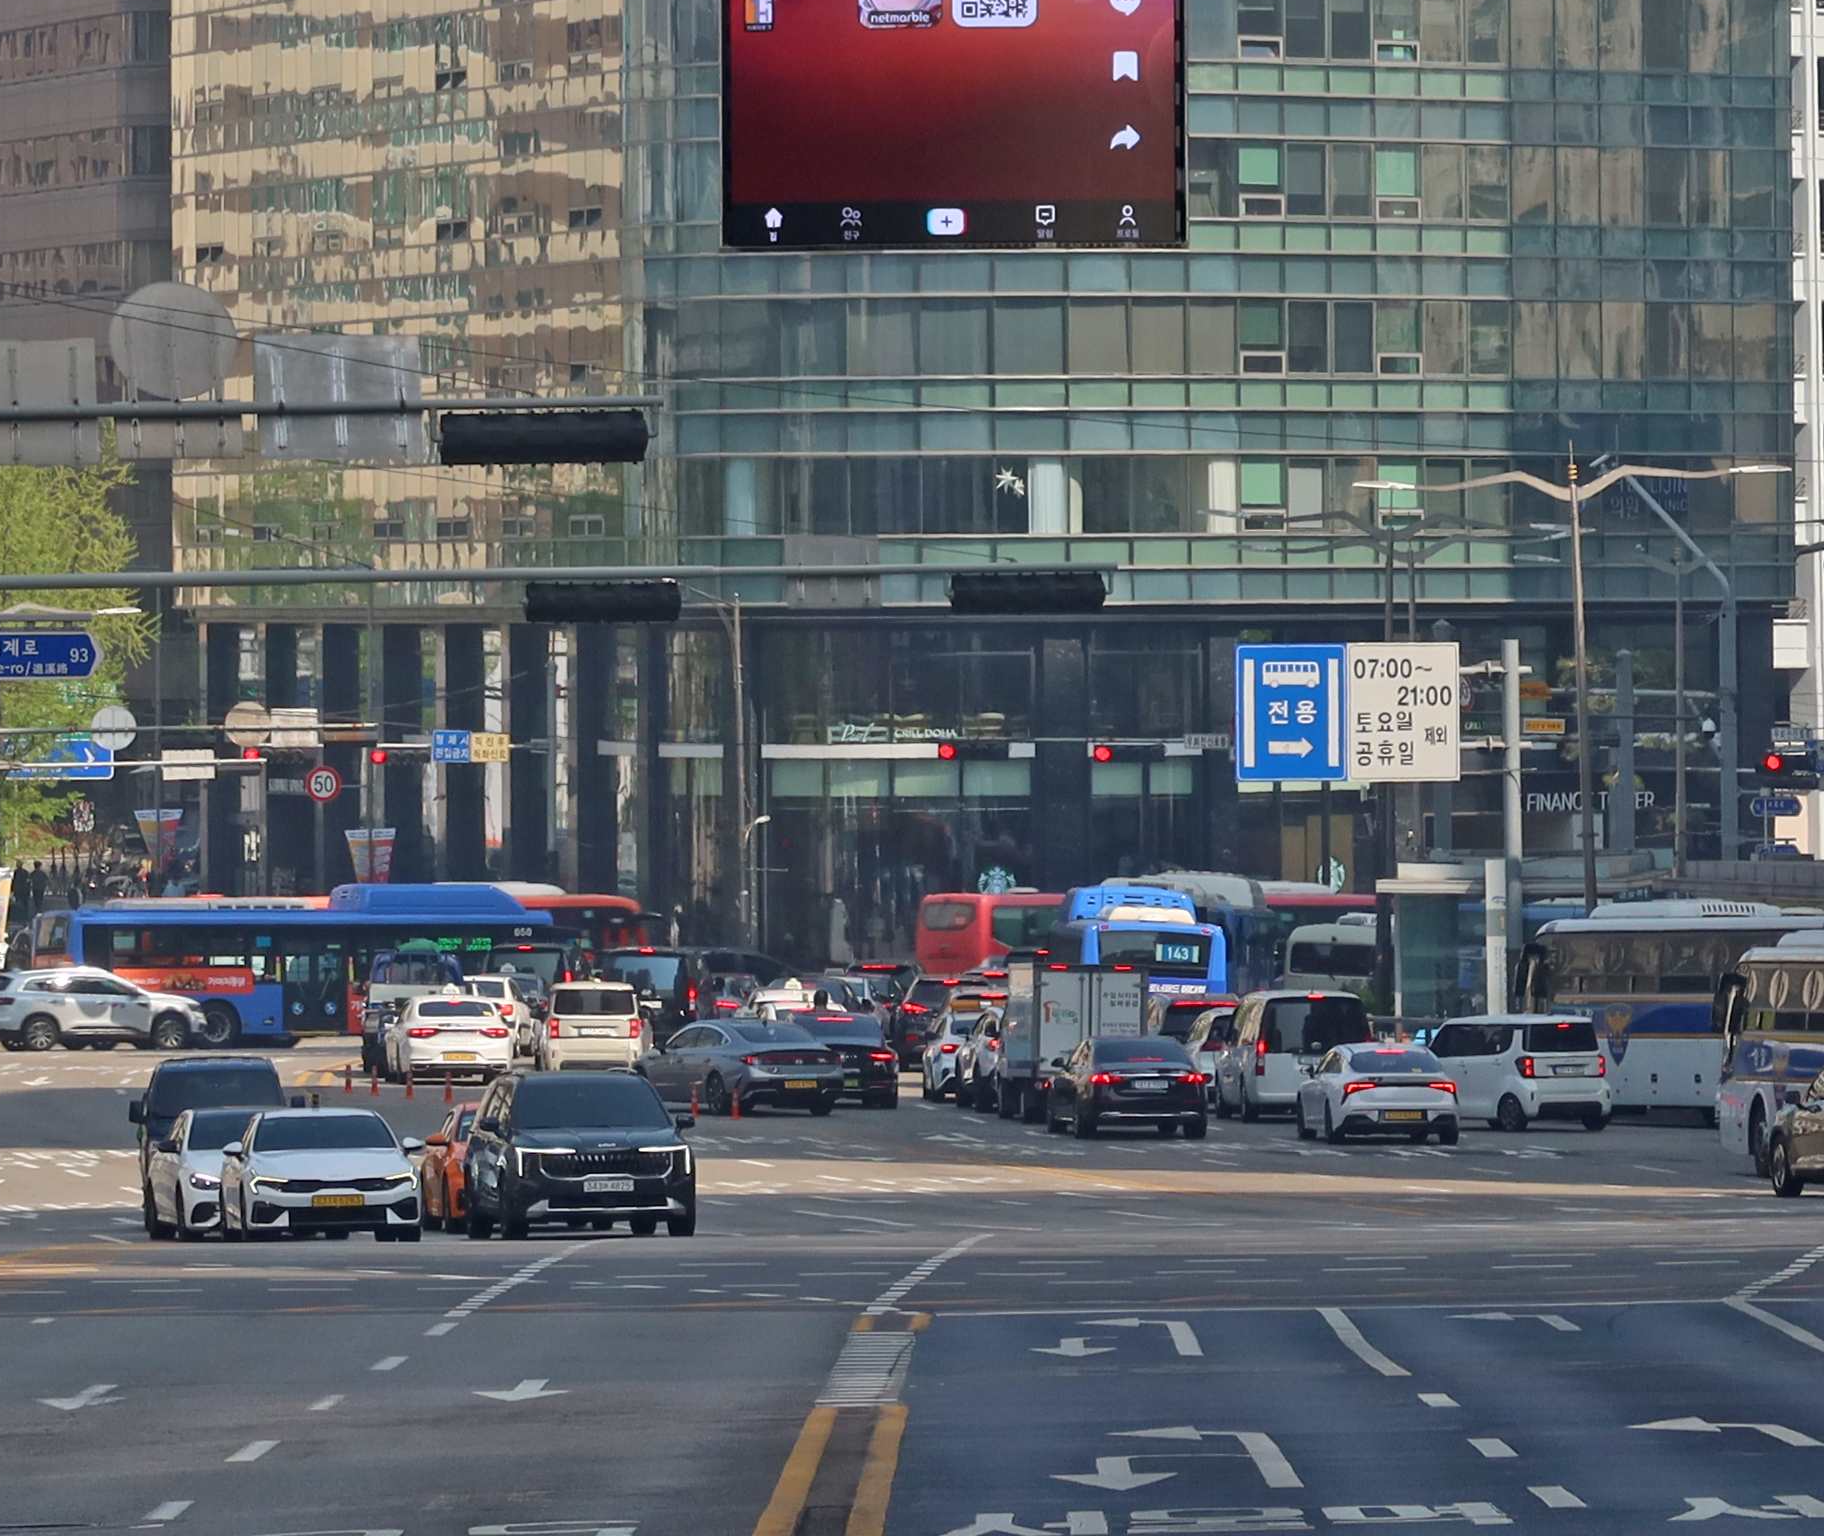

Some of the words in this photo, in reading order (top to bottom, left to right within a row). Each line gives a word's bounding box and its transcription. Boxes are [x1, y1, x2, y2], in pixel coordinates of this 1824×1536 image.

[870, 11, 931, 25] netmarble
[69, 648, 89, 663] 93
[1397, 685, 1453, 706] 21:00
[1267, 699, 1318, 725] 전용
[1355, 711, 1414, 734] 토요일
[1424, 725, 1448, 746] 제외
[1355, 740, 1415, 767] 공휴일
[313, 775, 335, 793] 50
[1166, 946, 1189, 961] 143

####################

**Work instruction**
Leave out the images and copy every record above exactly.

**Task solution**
Some of the words in this photo, in reading order (top to bottom, left to right within a row). Each line gives a word's bounding box and its transcription. Boxes are [x1, y1, x2, y2], in pixel coordinates of this 1824×1536 image.

[870, 11, 931, 25] netmarble
[69, 648, 89, 663] 93
[1397, 685, 1453, 706] 21:00
[1267, 699, 1318, 725] 전용
[1355, 711, 1414, 734] 토요일
[1424, 725, 1448, 746] 제외
[1355, 740, 1415, 767] 공휴일
[313, 775, 335, 793] 50
[1166, 946, 1189, 961] 143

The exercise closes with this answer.